- **WORK TASK**: Taking the line with "this 1080×1280 image." as the start, reproduce every line until the records end, exactly and with nothing added.

=== Begin Enclosure ===

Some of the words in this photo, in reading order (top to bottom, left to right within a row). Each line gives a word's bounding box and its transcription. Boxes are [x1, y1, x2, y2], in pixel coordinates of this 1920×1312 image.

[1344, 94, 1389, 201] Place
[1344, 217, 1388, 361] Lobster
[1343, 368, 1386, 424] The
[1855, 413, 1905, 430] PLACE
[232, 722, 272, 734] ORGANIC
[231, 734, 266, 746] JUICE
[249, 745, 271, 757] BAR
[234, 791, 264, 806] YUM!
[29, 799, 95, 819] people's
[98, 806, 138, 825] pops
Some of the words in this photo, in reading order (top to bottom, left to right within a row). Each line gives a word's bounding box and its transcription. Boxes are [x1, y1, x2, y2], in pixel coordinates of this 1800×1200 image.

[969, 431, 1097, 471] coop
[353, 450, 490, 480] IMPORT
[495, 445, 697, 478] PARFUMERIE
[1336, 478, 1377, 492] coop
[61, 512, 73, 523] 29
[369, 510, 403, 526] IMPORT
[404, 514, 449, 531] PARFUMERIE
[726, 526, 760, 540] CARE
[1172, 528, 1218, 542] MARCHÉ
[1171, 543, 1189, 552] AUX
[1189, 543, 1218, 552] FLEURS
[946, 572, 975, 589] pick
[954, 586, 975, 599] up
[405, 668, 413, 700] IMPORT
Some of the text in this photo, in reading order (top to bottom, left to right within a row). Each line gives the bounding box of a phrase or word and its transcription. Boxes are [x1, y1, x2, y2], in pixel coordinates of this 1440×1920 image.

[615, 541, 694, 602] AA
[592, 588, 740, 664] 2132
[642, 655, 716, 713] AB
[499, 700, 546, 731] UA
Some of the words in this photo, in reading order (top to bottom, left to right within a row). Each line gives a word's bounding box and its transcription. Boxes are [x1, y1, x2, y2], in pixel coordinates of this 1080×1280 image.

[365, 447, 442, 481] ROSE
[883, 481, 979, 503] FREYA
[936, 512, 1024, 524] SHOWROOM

=== End Enclosure ===

- **WRITTEN RESPONSE**:
Some of the words in this photo, in reading order (top to bottom, left to right within a row). Each line gives a word's bounding box and its transcription. Boxes are [x1, y1, x2, y2], in pixel coordinates of this 1080×1280 image.

[365, 447, 442, 481] ROSE
[883, 481, 979, 503] FREYA
[936, 512, 1024, 524] SHOWROOM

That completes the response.